About this exercise —
Retype all of the data without changing a single word.

○ ○ ○

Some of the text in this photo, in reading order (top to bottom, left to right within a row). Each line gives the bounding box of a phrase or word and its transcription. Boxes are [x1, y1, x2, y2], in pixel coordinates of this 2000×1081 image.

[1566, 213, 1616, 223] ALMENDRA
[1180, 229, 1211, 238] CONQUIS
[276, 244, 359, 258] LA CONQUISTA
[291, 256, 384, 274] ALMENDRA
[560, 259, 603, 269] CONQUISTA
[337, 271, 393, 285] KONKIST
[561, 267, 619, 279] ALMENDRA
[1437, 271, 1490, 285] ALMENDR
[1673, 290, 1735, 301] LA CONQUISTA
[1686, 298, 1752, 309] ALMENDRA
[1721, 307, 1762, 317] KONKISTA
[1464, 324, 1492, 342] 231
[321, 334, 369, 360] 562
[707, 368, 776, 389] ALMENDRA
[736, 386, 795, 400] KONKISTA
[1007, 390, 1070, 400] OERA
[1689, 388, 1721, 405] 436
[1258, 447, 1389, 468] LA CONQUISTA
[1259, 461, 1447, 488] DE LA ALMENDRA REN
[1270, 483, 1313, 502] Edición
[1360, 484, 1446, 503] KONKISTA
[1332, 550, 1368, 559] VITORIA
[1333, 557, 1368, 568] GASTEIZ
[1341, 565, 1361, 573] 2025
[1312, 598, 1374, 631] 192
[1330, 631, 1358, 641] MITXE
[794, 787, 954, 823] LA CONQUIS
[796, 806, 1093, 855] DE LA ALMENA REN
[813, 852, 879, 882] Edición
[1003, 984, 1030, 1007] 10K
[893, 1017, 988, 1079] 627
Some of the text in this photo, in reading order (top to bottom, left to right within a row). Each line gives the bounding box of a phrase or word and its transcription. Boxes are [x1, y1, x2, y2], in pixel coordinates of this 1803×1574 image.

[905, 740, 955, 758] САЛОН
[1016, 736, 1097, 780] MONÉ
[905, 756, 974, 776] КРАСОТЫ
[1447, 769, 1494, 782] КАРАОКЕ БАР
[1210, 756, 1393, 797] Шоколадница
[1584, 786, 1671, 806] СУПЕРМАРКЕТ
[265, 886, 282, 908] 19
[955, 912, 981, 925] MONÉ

○ ○ ○

Reply —
Some of the text in this photo, in reading order (top to bottom, left to right within a row). Each line gives the bounding box of a phrase or word and its transcription. Boxes are [x1, y1, x2, y2], in pixel coordinates of this 2000×1081 image.

[1566, 213, 1616, 223] ALMENDRA
[1180, 229, 1211, 238] CONQUIS
[276, 244, 359, 258] LA CONQUISTA
[291, 256, 384, 274] ALMENDRA
[560, 259, 603, 269] CONQUISTA
[337, 271, 393, 285] KONKIST
[561, 267, 619, 279] ALMENDRA
[1437, 271, 1490, 285] ALMENDR
[1673, 290, 1735, 301] LA CONQUISTA
[1686, 298, 1752, 309] ALMENDRA
[1721, 307, 1762, 317] KONKISTA
[1464, 324, 1492, 342] 231
[321, 334, 369, 360] 562
[707, 368, 776, 389] ALMENDRA
[736, 386, 795, 400] KONKISTA
[1007, 390, 1070, 400] OERA
[1689, 388, 1721, 405] 436
[1258, 447, 1389, 468] LA CONQUISTA
[1259, 461, 1447, 488] DE LA ALMENDRA REN
[1270, 483, 1313, 502] Edición
[1360, 484, 1446, 503] KONKISTA
[1332, 550, 1368, 559] VITORIA
[1333, 557, 1368, 568] GASTEIZ
[1341, 565, 1361, 573] 2025
[1312, 598, 1374, 631] 192
[1330, 631, 1358, 641] MITXE
[794, 787, 954, 823] LA CONQUIS
[796, 806, 1093, 855] DE LA ALMENA REN
[813, 852, 879, 882] Edición
[1003, 984, 1030, 1007] 10K
[893, 1017, 988, 1079] 627
Some of the text in this photo, in reading order (top to bottom, left to right within a row). Each line gives the bounding box of a phrase or word and its transcription. Boxes are [x1, y1, x2, y2], in pixel coordinates of this 1803×1574 image.

[905, 740, 955, 758] САЛОН
[1016, 736, 1097, 780] MONÉ
[905, 756, 974, 776] КРАСОТЫ
[1447, 769, 1494, 782] КАРАОКЕ БАР
[1210, 756, 1393, 797] Шоколадница
[1584, 786, 1671, 806] СУПЕРМАРКЕТ
[265, 886, 282, 908] 19
[955, 912, 981, 925] MONÉ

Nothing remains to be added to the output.